- WHAT THIS TASK INVOLVES -
Write the data out again so that it matches word for word.

(DATA FOR THE TASK)

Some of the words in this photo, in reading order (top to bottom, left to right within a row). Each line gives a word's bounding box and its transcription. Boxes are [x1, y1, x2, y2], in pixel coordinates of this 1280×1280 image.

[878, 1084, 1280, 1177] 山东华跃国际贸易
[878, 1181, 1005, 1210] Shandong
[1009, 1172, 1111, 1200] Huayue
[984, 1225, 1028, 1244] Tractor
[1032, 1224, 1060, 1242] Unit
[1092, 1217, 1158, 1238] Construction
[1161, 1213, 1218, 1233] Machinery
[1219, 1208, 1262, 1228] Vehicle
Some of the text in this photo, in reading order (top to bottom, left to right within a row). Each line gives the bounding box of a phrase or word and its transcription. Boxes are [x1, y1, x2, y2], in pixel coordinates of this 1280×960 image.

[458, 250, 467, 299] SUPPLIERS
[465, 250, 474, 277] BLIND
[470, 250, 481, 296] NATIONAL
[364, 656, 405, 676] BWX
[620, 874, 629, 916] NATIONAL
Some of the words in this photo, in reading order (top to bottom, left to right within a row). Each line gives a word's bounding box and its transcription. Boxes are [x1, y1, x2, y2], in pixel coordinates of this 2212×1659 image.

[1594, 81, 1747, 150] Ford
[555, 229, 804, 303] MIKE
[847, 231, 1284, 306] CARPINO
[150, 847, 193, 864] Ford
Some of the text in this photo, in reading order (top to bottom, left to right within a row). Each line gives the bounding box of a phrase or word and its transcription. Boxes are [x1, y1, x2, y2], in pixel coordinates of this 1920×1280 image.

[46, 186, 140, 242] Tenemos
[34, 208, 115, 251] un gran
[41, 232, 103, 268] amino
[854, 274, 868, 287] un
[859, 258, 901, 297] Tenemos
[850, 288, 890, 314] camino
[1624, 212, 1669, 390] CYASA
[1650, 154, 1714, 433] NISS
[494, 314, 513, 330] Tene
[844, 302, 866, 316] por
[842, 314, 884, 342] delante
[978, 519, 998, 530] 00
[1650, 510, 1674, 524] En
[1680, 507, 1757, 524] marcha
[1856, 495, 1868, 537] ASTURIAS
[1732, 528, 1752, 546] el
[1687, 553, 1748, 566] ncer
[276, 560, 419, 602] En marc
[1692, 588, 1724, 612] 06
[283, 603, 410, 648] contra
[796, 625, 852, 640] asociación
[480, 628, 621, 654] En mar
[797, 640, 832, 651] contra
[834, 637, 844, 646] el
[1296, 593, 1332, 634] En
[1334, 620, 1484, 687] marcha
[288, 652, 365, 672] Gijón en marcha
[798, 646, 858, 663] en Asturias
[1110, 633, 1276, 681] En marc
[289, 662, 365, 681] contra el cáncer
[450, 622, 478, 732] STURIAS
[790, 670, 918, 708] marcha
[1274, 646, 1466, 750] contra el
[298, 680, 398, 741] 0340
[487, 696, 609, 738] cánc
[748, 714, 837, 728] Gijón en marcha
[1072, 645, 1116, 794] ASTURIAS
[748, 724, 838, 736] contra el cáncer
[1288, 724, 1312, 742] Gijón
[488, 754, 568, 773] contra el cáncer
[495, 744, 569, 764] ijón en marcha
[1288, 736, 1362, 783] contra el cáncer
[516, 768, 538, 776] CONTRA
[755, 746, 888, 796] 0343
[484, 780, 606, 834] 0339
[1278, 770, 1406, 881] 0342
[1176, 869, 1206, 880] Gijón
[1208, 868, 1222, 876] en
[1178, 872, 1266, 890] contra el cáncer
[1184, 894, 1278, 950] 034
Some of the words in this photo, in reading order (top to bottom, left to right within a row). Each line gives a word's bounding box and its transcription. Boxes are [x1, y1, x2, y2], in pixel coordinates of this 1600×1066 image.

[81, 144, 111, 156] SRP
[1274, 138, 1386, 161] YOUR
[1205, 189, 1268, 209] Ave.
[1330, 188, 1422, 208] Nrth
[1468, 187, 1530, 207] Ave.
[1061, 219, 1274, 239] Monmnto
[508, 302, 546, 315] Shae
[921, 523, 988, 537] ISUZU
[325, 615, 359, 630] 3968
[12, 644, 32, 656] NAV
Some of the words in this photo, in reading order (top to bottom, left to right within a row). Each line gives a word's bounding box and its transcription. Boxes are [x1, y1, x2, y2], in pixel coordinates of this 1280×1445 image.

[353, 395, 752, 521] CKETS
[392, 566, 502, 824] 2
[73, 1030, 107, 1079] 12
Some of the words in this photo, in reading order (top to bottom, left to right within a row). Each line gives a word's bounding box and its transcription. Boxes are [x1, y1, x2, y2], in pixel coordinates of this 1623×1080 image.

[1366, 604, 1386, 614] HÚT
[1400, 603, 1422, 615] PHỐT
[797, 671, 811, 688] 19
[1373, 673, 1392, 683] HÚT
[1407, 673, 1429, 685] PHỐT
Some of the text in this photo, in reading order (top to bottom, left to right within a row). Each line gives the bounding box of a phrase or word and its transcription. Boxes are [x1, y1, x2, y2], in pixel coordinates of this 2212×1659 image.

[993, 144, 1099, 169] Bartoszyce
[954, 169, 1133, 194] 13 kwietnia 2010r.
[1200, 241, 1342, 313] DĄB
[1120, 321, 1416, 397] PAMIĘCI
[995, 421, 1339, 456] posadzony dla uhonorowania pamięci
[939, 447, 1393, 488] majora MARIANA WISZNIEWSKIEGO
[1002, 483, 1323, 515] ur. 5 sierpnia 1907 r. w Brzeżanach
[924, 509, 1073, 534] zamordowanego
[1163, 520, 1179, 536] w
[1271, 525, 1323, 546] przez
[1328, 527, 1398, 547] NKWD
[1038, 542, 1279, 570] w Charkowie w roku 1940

(End DATA FOR THE TASK)

- TASK ANSWER -
Some of the words in this photo, in reading order (top to bottom, left to right within a row). Each line gives a word's bounding box and its transcription. Boxes are [x1, y1, x2, y2], in pixel coordinates of this 1280×1280 image.

[878, 1084, 1280, 1177] 山东华跃国际贸易
[878, 1181, 1005, 1210] Shandong
[1009, 1172, 1111, 1200] Huayue
[984, 1225, 1028, 1244] Tractor
[1032, 1224, 1060, 1242] Unit
[1092, 1217, 1158, 1238] Construction
[1161, 1213, 1218, 1233] Machinery
[1219, 1208, 1262, 1228] Vehicle
Some of the text in this photo, in reading order (top to bottom, left to right within a row). Each line gives the bounding box of a phrase or word and its transcription. Boxes are [x1, y1, x2, y2], in pixel coordinates of this 1280×960 image.

[458, 250, 467, 299] SUPPLIERS
[465, 250, 474, 277] BLIND
[470, 250, 481, 296] NATIONAL
[364, 656, 405, 676] BWX
[620, 874, 629, 916] NATIONAL
Some of the words in this photo, in reading order (top to bottom, left to right within a row). Each line gives a word's bounding box and its transcription. Boxes are [x1, y1, x2, y2], in pixel coordinates of this 2212×1659 image.

[1594, 81, 1747, 150] Ford
[555, 229, 804, 303] MIKE
[847, 231, 1284, 306] CARPINO
[150, 847, 193, 864] Ford
Some of the text in this photo, in reading order (top to bottom, left to right within a row). Each line gives the bounding box of a phrase or word and its transcription. Boxes are [x1, y1, x2, y2], in pixel coordinates of this 1920×1280 image.

[46, 186, 140, 242] Tenemos
[34, 208, 115, 251] un gran
[41, 232, 103, 268] amino
[854, 274, 868, 287] un
[859, 258, 901, 297] Tenemos
[850, 288, 890, 314] camino
[1624, 212, 1669, 390] CYASA
[1650, 154, 1714, 433] NISS
[494, 314, 513, 330] Tene
[844, 302, 866, 316] por
[842, 314, 884, 342] delante
[978, 519, 998, 530] 00
[1650, 510, 1674, 524] En
[1680, 507, 1757, 524] marcha
[1856, 495, 1868, 537] ASTURIAS
[1732, 528, 1752, 546] el
[1687, 553, 1748, 566] ncer
[276, 560, 419, 602] En marc
[1692, 588, 1724, 612] 06
[283, 603, 410, 648] contra
[796, 625, 852, 640] asociación
[480, 628, 621, 654] En mar
[797, 640, 832, 651] contra
[834, 637, 844, 646] el
[1296, 593, 1332, 634] En
[1334, 620, 1484, 687] marcha
[288, 652, 365, 672] Gijón en marcha
[798, 646, 858, 663] en Asturias
[1110, 633, 1276, 681] En marc
[289, 662, 365, 681] contra el cáncer
[450, 622, 478, 732] STURIAS
[790, 670, 918, 708] marcha
[1274, 646, 1466, 750] contra el
[298, 680, 398, 741] 0340
[487, 696, 609, 738] cánc
[748, 714, 837, 728] Gijón en marcha
[1072, 645, 1116, 794] ASTURIAS
[748, 724, 838, 736] contra el cáncer
[1288, 724, 1312, 742] Gijón
[488, 754, 568, 773] contra el cáncer
[495, 744, 569, 764] ijón en marcha
[1288, 736, 1362, 783] contra el cáncer
[516, 768, 538, 776] CONTRA
[755, 746, 888, 796] 0343
[484, 780, 606, 834] 0339
[1278, 770, 1406, 881] 0342
[1176, 869, 1206, 880] Gijón
[1208, 868, 1222, 876] en
[1178, 872, 1266, 890] contra el cáncer
[1184, 894, 1278, 950] 034
Some of the words in this photo, in reading order (top to bottom, left to right within a row). Each line gives a word's bounding box and its transcription. Boxes are [x1, y1, x2, y2], in pixel coordinates of this 1600×1066 image.

[81, 144, 111, 156] SRP
[1274, 138, 1386, 161] YOUR
[1205, 189, 1268, 209] Ave.
[1330, 188, 1422, 208] Nrth
[1468, 187, 1530, 207] Ave.
[1061, 219, 1274, 239] Monmnto
[508, 302, 546, 315] Shae
[921, 523, 988, 537] ISUZU
[325, 615, 359, 630] 3968
[12, 644, 32, 656] NAV
Some of the words in this photo, in reading order (top to bottom, left to right within a row). Each line gives a word's bounding box and its transcription. Boxes are [x1, y1, x2, y2], in pixel coordinates of this 1280×1445 image.

[353, 395, 752, 521] CKETS
[392, 566, 502, 824] 2
[73, 1030, 107, 1079] 12
Some of the words in this photo, in reading order (top to bottom, left to right within a row). Each line gives a word's bounding box and its transcription. Boxes are [x1, y1, x2, y2], in pixel coordinates of this 1623×1080 image.

[1366, 604, 1386, 614] HÚT
[1400, 603, 1422, 615] PHỐT
[797, 671, 811, 688] 19
[1373, 673, 1392, 683] HÚT
[1407, 673, 1429, 685] PHỐT
Some of the text in this photo, in reading order (top to bottom, left to right within a row). Each line gives the bounding box of a phrase or word and its transcription. Boxes are [x1, y1, x2, y2], in pixel coordinates of this 2212×1659 image.

[993, 144, 1099, 169] Bartoszyce
[954, 169, 1133, 194] 13 kwietnia 2010r.
[1200, 241, 1342, 313] DĄB
[1120, 321, 1416, 397] PAMIĘCI
[995, 421, 1339, 456] posadzony dla uhonorowania pamięci
[939, 447, 1393, 488] majora MARIANA WISZNIEWSKIEGO
[1002, 483, 1323, 515] ur. 5 sierpnia 1907 r. w Brzeżanach
[924, 509, 1073, 534] zamordowanego
[1163, 520, 1179, 536] w
[1271, 525, 1323, 546] przez
[1328, 527, 1398, 547] NKWD
[1038, 542, 1279, 570] w Charkowie w roku 1940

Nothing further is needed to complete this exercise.